**Supplied data**.

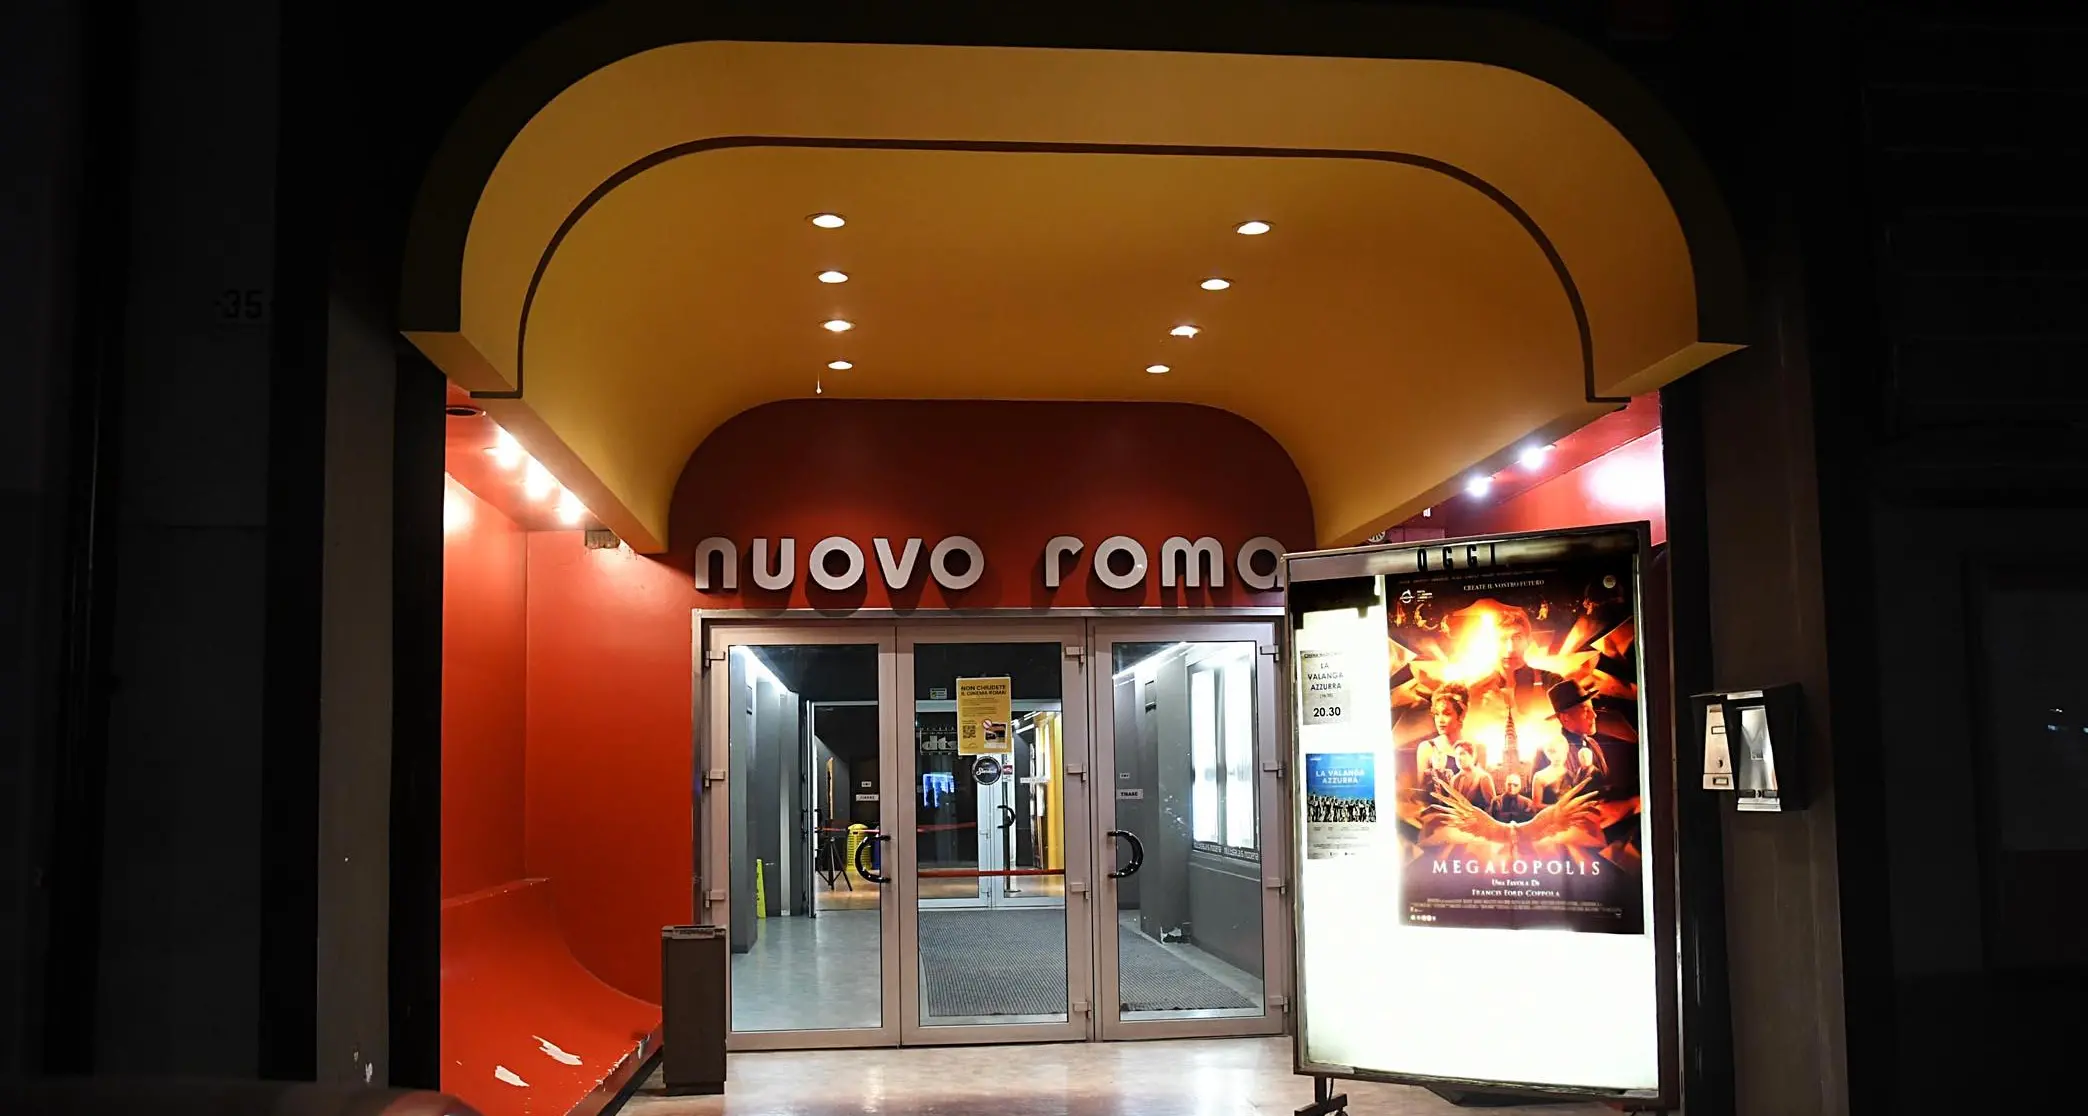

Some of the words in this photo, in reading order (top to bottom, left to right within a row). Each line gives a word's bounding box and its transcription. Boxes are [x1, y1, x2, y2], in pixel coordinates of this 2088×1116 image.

[221, 288, 264, 320] 35
[694, 535, 986, 591] nuovo
[1045, 535, 1286, 591] roma
[1416, 543, 1496, 573] OGGI
[1463, 583, 1486, 591] CREATE
[1519, 579, 1545, 587] FUTURO
[1307, 671, 1344, 681] VALANGA
[1310, 682, 1342, 691] AZZURRA
[1313, 706, 1341, 718] 20.30
[1315, 770, 1326, 778] LA
[1327, 768, 1366, 777] VALANGA
[1322, 777, 1359, 785] AZZURRA
[1432, 859, 1601, 876] MEGALOPOLIS

**Exercise**.
In the answer, the entries must appear exactly as above, without the images.

**Output**.
Some of the words in this photo, in reading order (top to bottom, left to right within a row). Each line gives a word's bounding box and its transcription. Boxes are [x1, y1, x2, y2], in pixel coordinates of this 2088×1116 image.

[221, 288, 264, 320] 35
[694, 535, 986, 591] nuovo
[1045, 535, 1286, 591] roma
[1416, 543, 1496, 573] OGGI
[1463, 583, 1486, 591] CREATE
[1519, 579, 1545, 587] FUTURO
[1307, 671, 1344, 681] VALANGA
[1310, 682, 1342, 691] AZZURRA
[1313, 706, 1341, 718] 20.30
[1315, 770, 1326, 778] LA
[1327, 768, 1366, 777] VALANGA
[1322, 777, 1359, 785] AZZURRA
[1432, 859, 1601, 876] MEGALOPOLIS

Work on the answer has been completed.